Ministro Luís Felipe Salomão, o relator
Foto: Roberto Jayme/Ascom/TSE
A empresa que pleiteia a gratuidade judiciária deve apresentar informações que permitam avaliar sua real situação econômico-financeira, não sendo suficiente demonstrar inatividade ou redução do faturamento. A decisão saiu de julgamento inédito de recurso repetitivo em sessão totalmente virtual, realizada pela Corte Especial do Superior Tribunal de Justiça (STJ).
A tese fixada no Tema 1.424 ganhou a seguinte redação: ‘‘A demonstração da hipossuficiência econômico-financeira da pessoa jurídica, para fins de obtenção de gratuidade de justiça, reclama esclarecimentos sobre a sua situação financeira e patrimonial – com a indicação de ativo, passivo, patrimônio líquido, resultado do exercício, fluxo de caixa, participações societárias, saldos e aplicações em contas bancárias –, o que não se concretiza com a mera prova de inatividade ou de queda de faturamento’’.
O julgamento teve a participação, como amici curiae, da Defensoria Pública da União (DPU), do Instituto Brasileiro de Direito Processual (IBDP), do Conselho Federal da Ordem dos Advogados do Brasil (OAB) e do Instituto Brasileiro de Política e Direito do Consumidor (Brasilcon).
Relator do repetitivo, o ministro Luis Felipe Salomão explicou que a concessão da gratuidade de justiça segue regras diferentes para pessoas físicas e jurídicas.

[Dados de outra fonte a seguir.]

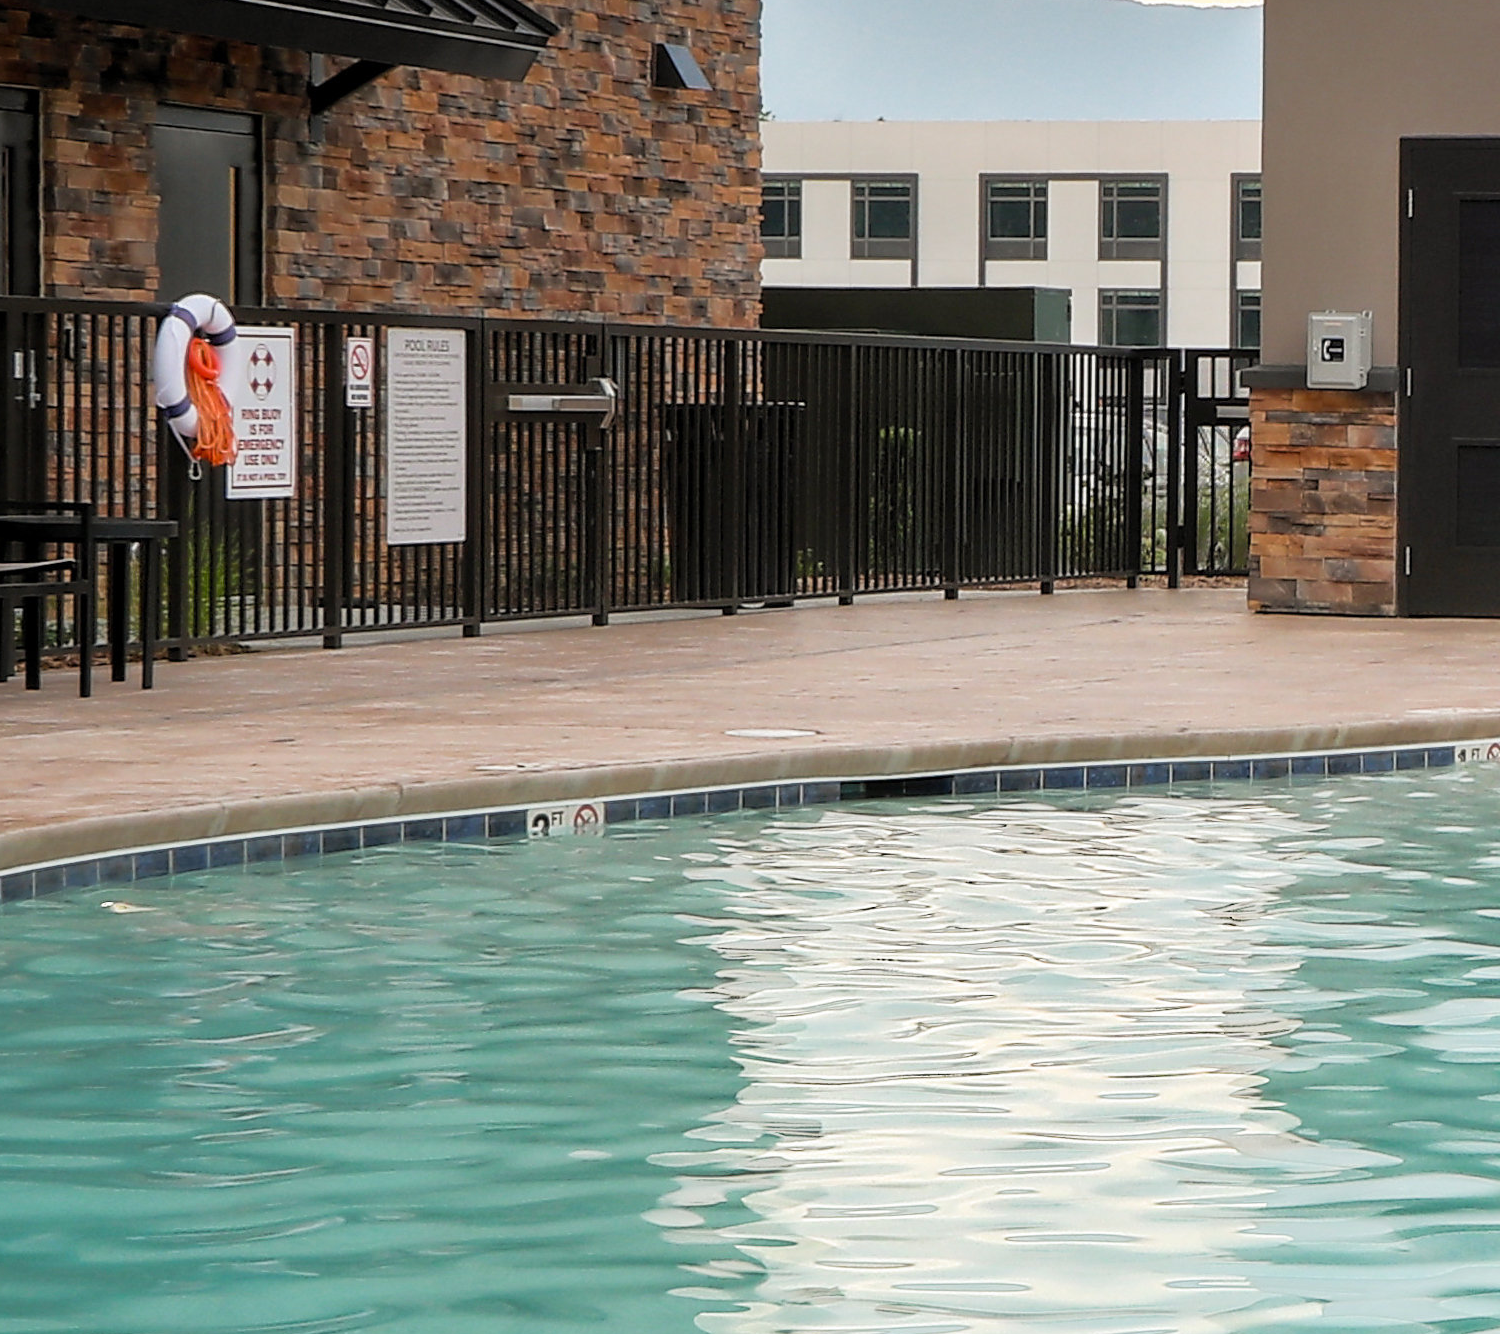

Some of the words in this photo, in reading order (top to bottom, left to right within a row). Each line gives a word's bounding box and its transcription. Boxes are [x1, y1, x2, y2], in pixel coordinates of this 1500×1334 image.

[404, 339, 426, 352] POOL
[427, 339, 450, 353] RULES
[241, 409, 260, 419] RING
[261, 409, 281, 420] BUOY
[258, 424, 273, 435] FOR
[237, 439, 284, 450] EMERGENCY
[244, 454, 259, 465] USE
[261, 454, 279, 465] ONLY
[551, 811, 564, 826] FT

Enquanto a pessoa física tem presunção relativa de veracidade na declaração de insuficiência de recursos, a pessoa jurídica deve comprovar efetivamente que não tem condições de arcar com as despesas do processo, conforme previsto na Súmula 481 do STJ.
Documentos sobre situação patrimonial
Segundo o ministro, essa exigência também se aplica às empresas em liquidação extrajudicial, recuperação judicial ou falência. A única exceção legalmente prevista – lembrou – está no artigo 51 da Lei 10.741/2003 (Estatuto da Pessoa Idosa), que garante assistência judiciária gratuita às instituições filantrópicas ou sem fins lucrativos prestadoras de serviços a idosos.

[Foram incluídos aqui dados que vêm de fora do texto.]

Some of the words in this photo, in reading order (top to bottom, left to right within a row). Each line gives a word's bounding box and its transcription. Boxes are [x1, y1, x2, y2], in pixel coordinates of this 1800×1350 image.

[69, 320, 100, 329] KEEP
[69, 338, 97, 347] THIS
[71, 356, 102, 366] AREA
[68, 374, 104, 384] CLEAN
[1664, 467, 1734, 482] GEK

Diante desse cenário, o relator destacou que o STJ já consolidou o entendimento de que a simples comprovação de inatividade da empresa ou de queda no faturamento, por meio de documentos como declaração de contador ou Declaração de Débitos e Créditos Tributários Federais (DCTF), não basta para demonstrar a hipossuficiência econômico-financeira.

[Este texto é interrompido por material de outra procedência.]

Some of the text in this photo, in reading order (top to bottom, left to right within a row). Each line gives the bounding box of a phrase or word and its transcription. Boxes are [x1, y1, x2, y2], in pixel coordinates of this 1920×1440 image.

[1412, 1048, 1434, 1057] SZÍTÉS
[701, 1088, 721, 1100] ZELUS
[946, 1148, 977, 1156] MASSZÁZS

Salomão acrescentou que a empresa deve instruir o pedido com documentos que retratem sua real situação, como balanço patrimonial, demonstrações de resultado, declaração de Imposto de Renda, extratos bancários e outros elementos aptos a comprovar a insuficiência de recursos. ‘‘Ou seja: a pessoa jurídica deve instruir o seu pedido de gratuidade de justiça com documentos que retratem a sua realidade patrimonial e não apenas a sua situação fiscal’’, concluiu. Com informações da Assessoria de Imprensa do STJ.